Album of the Day 8/14/10
Every day, we count down the 1000 best albums of all time all the way to #1. Saturday’s album is #899:
Bettye Swann – self-titled anthology
Bettye Swann is one of the great voices in soul music, blending the upbeat warmth of a mature Diana Ross with a raw, wounded undercurrent. This 2004 anthology released in the UK by EMI doesn’t have her signature song, the 1967 #1 R&B hit Make Me Yours, but it does have her best one, the understatedly wrenching My Heart Is Closed for the Season. Her first producer, Arthur Wright, who recorded her for California indie label Money Records had a terrific ear for detail: the arrangements on her early songs are among the era’s most sophisticated and startlingly beautiful, with Memphis-style horn charts and strings that punch in counterintiuitively.

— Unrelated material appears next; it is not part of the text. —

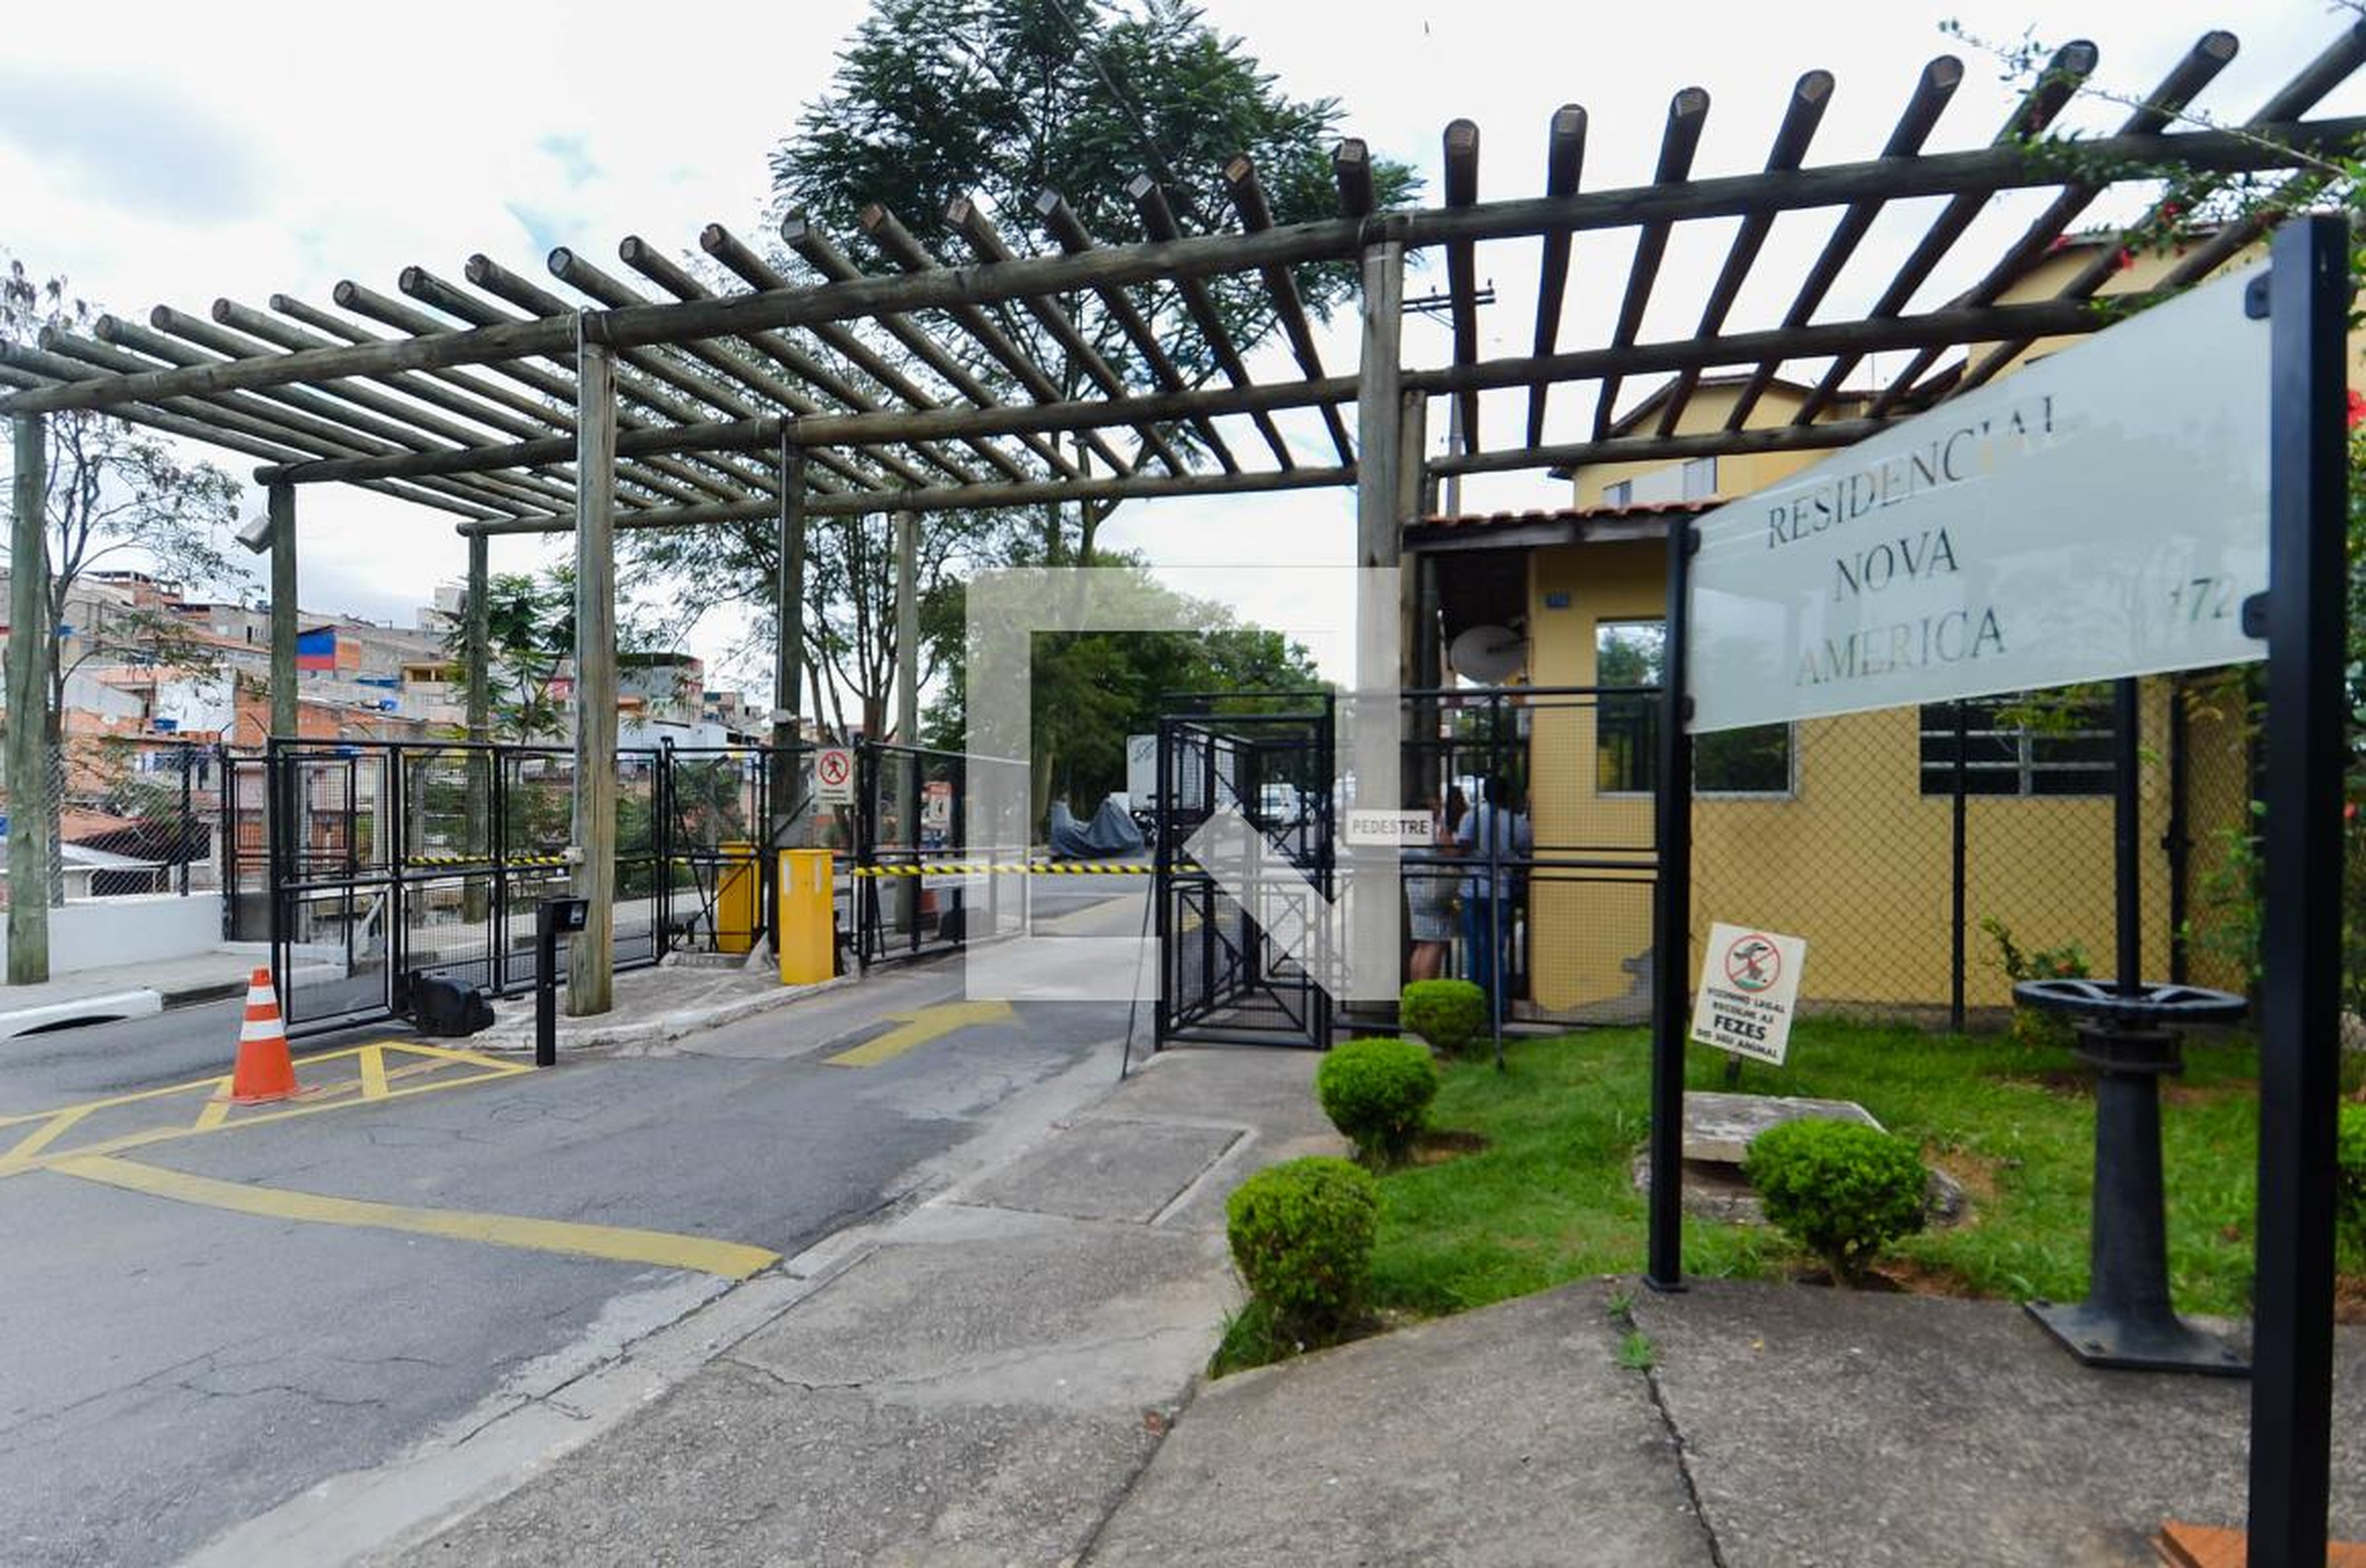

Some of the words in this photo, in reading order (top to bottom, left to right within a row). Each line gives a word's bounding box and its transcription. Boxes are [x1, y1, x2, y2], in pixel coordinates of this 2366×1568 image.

Several of the tracks here were originally released on her 1968 Capitol album The Soul View Now, including a sparse, tender version of Little Things Mean a Lot, and the orchestrated, gospel-tinged Don’t Touch Me. There are plenty of other gems among the 22 tracks here, including the telling Don’t You Ever Get Tired of Hurting Me, the ridiculously catchy No Faith No Love, an absolutely brilliant reworking of the standard Then You Can Tell Me Goodbye, the gorgeously apprehensive Don’t Let It Happen to Us and the intense, crescendoing These Arms Are Mine. It fades toward the end, with a trio of ridiculously ill-advised rock covers, but the rest is some of the most fetchingly captivating music ever recorded. If you see her 1967 debut Make Me Yours on vinyl for cheap, grab it – it’s worth a fortune. There are lots of torrents for this stuff out there including this random one.